═════ Data

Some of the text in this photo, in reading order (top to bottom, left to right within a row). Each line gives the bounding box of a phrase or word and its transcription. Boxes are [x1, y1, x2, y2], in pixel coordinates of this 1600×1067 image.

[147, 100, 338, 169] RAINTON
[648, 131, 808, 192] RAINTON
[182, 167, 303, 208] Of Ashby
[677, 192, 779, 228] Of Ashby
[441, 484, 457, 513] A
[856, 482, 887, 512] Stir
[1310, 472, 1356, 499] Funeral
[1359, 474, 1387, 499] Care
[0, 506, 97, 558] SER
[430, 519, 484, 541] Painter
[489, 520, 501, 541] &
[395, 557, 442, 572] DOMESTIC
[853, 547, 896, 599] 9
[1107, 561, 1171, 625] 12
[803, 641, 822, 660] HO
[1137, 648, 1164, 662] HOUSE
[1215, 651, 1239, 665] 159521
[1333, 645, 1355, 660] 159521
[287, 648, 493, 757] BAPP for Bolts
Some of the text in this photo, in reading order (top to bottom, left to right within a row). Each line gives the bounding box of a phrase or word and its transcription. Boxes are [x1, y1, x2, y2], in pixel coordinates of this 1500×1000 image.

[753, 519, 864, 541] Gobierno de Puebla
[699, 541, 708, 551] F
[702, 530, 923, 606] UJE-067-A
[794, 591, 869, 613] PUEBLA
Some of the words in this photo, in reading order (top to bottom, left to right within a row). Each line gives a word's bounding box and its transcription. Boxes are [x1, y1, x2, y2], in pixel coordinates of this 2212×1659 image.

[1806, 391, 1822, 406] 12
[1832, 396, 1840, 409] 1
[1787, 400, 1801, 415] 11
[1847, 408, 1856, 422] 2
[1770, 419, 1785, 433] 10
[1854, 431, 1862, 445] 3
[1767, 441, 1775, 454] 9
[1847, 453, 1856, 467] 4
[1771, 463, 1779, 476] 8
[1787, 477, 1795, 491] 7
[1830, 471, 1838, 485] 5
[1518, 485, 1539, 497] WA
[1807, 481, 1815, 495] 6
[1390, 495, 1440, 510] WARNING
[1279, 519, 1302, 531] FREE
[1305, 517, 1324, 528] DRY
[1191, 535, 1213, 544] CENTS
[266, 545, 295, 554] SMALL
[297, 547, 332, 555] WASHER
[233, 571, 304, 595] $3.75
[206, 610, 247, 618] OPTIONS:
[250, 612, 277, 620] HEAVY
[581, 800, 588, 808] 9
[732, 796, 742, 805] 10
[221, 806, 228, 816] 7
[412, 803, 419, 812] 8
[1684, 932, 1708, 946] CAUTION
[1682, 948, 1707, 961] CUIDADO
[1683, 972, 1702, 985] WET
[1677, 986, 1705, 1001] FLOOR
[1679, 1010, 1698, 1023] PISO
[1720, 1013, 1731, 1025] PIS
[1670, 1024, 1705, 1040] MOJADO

══════════

#### Activity
Copy, without any change, the lines from the one that contains "this 1500×1000 image." to the final line of the entries above.

#### Your solution
Some of the text in this photo, in reading order (top to bottom, left to right within a row). Each line gives the bounding box of a phrase or word and its transcription. Boxes are [x1, y1, x2, y2], in pixel coordinates of this 1500×1000 image.

[753, 519, 864, 541] Gobierno de Puebla
[699, 541, 708, 551] F
[702, 530, 923, 606] UJE-067-A
[794, 591, 869, 613] PUEBLA
Some of the words in this photo, in reading order (top to bottom, left to right within a row). Each line gives a word's bounding box and its transcription. Boxes are [x1, y1, x2, y2], in pixel coordinates of this 2212×1659 image.

[1806, 391, 1822, 406] 12
[1832, 396, 1840, 409] 1
[1787, 400, 1801, 415] 11
[1847, 408, 1856, 422] 2
[1770, 419, 1785, 433] 10
[1854, 431, 1862, 445] 3
[1767, 441, 1775, 454] 9
[1847, 453, 1856, 467] 4
[1771, 463, 1779, 476] 8
[1787, 477, 1795, 491] 7
[1830, 471, 1838, 485] 5
[1518, 485, 1539, 497] WA
[1807, 481, 1815, 495] 6
[1390, 495, 1440, 510] WARNING
[1279, 519, 1302, 531] FREE
[1305, 517, 1324, 528] DRY
[1191, 535, 1213, 544] CENTS
[266, 545, 295, 554] SMALL
[297, 547, 332, 555] WASHER
[233, 571, 304, 595] $3.75
[206, 610, 247, 618] OPTIONS:
[250, 612, 277, 620] HEAVY
[581, 800, 588, 808] 9
[732, 796, 742, 805] 10
[221, 806, 228, 816] 7
[412, 803, 419, 812] 8
[1684, 932, 1708, 946] CAUTION
[1682, 948, 1707, 961] CUIDADO
[1683, 972, 1702, 985] WET
[1677, 986, 1705, 1001] FLOOR
[1679, 1010, 1698, 1023] PISO
[1720, 1013, 1731, 1025] PIS
[1670, 1024, 1705, 1040] MOJADO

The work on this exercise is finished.